▶ _DATA RECORDS_
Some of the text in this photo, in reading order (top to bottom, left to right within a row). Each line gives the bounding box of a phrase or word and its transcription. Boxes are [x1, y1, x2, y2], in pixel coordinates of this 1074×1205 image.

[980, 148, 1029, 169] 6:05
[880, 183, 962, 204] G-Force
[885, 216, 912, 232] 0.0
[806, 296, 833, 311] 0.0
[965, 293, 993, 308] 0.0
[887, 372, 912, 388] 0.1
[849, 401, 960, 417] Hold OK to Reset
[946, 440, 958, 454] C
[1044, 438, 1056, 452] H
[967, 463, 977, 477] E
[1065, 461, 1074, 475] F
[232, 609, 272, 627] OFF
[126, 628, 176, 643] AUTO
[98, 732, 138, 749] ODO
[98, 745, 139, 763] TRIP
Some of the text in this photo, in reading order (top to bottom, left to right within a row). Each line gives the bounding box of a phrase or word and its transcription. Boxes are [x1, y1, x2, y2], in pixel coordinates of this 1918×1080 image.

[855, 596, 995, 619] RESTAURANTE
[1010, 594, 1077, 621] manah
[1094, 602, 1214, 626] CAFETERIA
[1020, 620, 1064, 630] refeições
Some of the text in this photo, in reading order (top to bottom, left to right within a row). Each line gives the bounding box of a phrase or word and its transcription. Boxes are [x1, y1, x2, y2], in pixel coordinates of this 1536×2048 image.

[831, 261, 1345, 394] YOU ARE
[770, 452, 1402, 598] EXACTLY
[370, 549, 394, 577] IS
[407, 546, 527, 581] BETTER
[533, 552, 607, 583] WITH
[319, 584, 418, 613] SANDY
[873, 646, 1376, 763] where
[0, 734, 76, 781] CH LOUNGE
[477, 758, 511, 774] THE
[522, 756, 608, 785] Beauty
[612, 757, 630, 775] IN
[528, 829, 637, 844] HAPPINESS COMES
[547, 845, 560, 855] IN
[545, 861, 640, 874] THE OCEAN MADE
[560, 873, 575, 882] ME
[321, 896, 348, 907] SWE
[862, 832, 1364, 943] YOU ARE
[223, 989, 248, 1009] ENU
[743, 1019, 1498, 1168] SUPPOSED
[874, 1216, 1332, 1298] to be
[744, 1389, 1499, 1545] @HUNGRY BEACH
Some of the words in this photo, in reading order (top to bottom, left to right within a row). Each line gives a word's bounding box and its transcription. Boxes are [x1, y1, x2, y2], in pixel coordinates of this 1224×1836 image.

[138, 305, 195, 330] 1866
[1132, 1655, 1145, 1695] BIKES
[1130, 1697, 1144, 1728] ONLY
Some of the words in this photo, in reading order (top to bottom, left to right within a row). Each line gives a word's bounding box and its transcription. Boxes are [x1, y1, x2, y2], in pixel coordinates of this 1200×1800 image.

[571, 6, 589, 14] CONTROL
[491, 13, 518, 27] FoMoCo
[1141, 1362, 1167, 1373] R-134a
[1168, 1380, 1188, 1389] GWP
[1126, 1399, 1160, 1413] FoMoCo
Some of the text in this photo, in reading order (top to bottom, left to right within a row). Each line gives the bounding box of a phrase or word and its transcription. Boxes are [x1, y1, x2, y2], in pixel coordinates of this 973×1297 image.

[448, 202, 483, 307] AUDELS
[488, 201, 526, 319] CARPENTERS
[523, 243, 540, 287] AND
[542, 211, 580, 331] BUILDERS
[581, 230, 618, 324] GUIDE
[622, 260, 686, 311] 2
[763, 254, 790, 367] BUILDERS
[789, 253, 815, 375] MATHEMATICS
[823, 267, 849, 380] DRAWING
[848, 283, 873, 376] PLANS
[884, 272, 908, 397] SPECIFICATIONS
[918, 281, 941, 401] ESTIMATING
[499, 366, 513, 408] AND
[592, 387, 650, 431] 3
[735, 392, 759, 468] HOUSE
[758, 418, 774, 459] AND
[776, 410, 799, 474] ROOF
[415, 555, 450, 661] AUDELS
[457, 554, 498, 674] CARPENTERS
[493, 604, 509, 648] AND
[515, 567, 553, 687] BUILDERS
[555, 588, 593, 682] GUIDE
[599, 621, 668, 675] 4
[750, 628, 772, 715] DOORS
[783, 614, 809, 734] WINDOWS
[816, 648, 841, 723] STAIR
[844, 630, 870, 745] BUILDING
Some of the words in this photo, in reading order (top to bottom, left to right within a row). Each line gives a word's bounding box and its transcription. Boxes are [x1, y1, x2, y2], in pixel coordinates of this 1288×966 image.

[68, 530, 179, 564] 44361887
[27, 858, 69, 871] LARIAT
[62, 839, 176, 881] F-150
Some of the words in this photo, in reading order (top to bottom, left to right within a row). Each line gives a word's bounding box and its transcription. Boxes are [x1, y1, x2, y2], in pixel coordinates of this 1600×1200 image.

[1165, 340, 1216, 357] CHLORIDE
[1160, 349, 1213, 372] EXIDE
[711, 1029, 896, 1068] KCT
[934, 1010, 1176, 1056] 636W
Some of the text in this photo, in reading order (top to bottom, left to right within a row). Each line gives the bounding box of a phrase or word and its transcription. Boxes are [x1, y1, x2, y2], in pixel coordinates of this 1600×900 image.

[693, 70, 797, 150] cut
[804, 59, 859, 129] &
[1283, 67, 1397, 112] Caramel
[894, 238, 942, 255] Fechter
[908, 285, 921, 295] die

▶ _ACTIVITY_
All of the entries must be printed again exactly as given.

▶ _OUTPUT OF THE EXERCISE_
Some of the text in this photo, in reading order (top to bottom, left to right within a row). Each line gives the bounding box of a phrase or word and its transcription. Boxes are [x1, y1, x2, y2], in pixel coordinates of this 1074×1205 image.

[980, 148, 1029, 169] 6:05
[880, 183, 962, 204] G-Force
[885, 216, 912, 232] 0.0
[806, 296, 833, 311] 0.0
[965, 293, 993, 308] 0.0
[887, 372, 912, 388] 0.1
[849, 401, 960, 417] Hold OK to Reset
[946, 440, 958, 454] C
[1044, 438, 1056, 452] H
[967, 463, 977, 477] E
[1065, 461, 1074, 475] F
[232, 609, 272, 627] OFF
[126, 628, 176, 643] AUTO
[98, 732, 138, 749] ODO
[98, 745, 139, 763] TRIP
Some of the text in this photo, in reading order (top to bottom, left to right within a row). Each line gives the bounding box of a phrase or word and its transcription. Boxes are [x1, y1, x2, y2], in pixel coordinates of this 1918×1080 image.

[855, 596, 995, 619] RESTAURANTE
[1010, 594, 1077, 621] manah
[1094, 602, 1214, 626] CAFETERIA
[1020, 620, 1064, 630] refeições
Some of the text in this photo, in reading order (top to bottom, left to right within a row). Each line gives the bounding box of a phrase or word and its transcription. Boxes are [x1, y1, x2, y2], in pixel coordinates of this 1536×2048 image.

[831, 261, 1345, 394] YOU ARE
[770, 452, 1402, 598] EXACTLY
[370, 549, 394, 577] IS
[407, 546, 527, 581] BETTER
[533, 552, 607, 583] WITH
[319, 584, 418, 613] SANDY
[873, 646, 1376, 763] where
[0, 734, 76, 781] CH LOUNGE
[477, 758, 511, 774] THE
[522, 756, 608, 785] Beauty
[612, 757, 630, 775] IN
[528, 829, 637, 844] HAPPINESS COMES
[547, 845, 560, 855] IN
[545, 861, 640, 874] THE OCEAN MADE
[560, 873, 575, 882] ME
[321, 896, 348, 907] SWE
[862, 832, 1364, 943] YOU ARE
[223, 989, 248, 1009] ENU
[743, 1019, 1498, 1168] SUPPOSED
[874, 1216, 1332, 1298] to be
[744, 1389, 1499, 1545] @HUNGRY BEACH
Some of the words in this photo, in reading order (top to bottom, left to right within a row). Each line gives a word's bounding box and its transcription. Boxes are [x1, y1, x2, y2], in pixel coordinates of this 1224×1836 image.

[138, 305, 195, 330] 1866
[1132, 1655, 1145, 1695] BIKES
[1130, 1697, 1144, 1728] ONLY
Some of the words in this photo, in reading order (top to bottom, left to right within a row). Each line gives a word's bounding box and its transcription. Boxes are [x1, y1, x2, y2], in pixel coordinates of this 1200×1800 image.

[571, 6, 589, 14] CONTROL
[491, 13, 518, 27] FoMoCo
[1141, 1362, 1167, 1373] R-134a
[1168, 1380, 1188, 1389] GWP
[1126, 1399, 1160, 1413] FoMoCo
Some of the text in this photo, in reading order (top to bottom, left to right within a row). Each line gives the bounding box of a phrase or word and its transcription. Boxes are [x1, y1, x2, y2], in pixel coordinates of this 973×1297 image.

[448, 202, 483, 307] AUDELS
[488, 201, 526, 319] CARPENTERS
[523, 243, 540, 287] AND
[542, 211, 580, 331] BUILDERS
[581, 230, 618, 324] GUIDE
[622, 260, 686, 311] 2
[763, 254, 790, 367] BUILDERS
[789, 253, 815, 375] MATHEMATICS
[823, 267, 849, 380] DRAWING
[848, 283, 873, 376] PLANS
[884, 272, 908, 397] SPECIFICATIONS
[918, 281, 941, 401] ESTIMATING
[499, 366, 513, 408] AND
[592, 387, 650, 431] 3
[735, 392, 759, 468] HOUSE
[758, 418, 774, 459] AND
[776, 410, 799, 474] ROOF
[415, 555, 450, 661] AUDELS
[457, 554, 498, 674] CARPENTERS
[493, 604, 509, 648] AND
[515, 567, 553, 687] BUILDERS
[555, 588, 593, 682] GUIDE
[599, 621, 668, 675] 4
[750, 628, 772, 715] DOORS
[783, 614, 809, 734] WINDOWS
[816, 648, 841, 723] STAIR
[844, 630, 870, 745] BUILDING
Some of the words in this photo, in reading order (top to bottom, left to right within a row). Each line gives a word's bounding box and its transcription. Boxes are [x1, y1, x2, y2], in pixel coordinates of this 1288×966 image.

[68, 530, 179, 564] 44361887
[27, 858, 69, 871] LARIAT
[62, 839, 176, 881] F-150
Some of the words in this photo, in reading order (top to bottom, left to right within a row). Each line gives a word's bounding box and its transcription. Boxes are [x1, y1, x2, y2], in pixel coordinates of this 1600×1200 image.

[1165, 340, 1216, 357] CHLORIDE
[1160, 349, 1213, 372] EXIDE
[711, 1029, 896, 1068] KCT
[934, 1010, 1176, 1056] 636W
Some of the text in this photo, in reading order (top to bottom, left to right within a row). Each line gives the bounding box of a phrase or word and its transcription. Boxes are [x1, y1, x2, y2], in pixel coordinates of this 1600×900 image.

[693, 70, 797, 150] cut
[804, 59, 859, 129] &
[1283, 67, 1397, 112] Caramel
[894, 238, 942, 255] Fechter
[908, 285, 921, 295] die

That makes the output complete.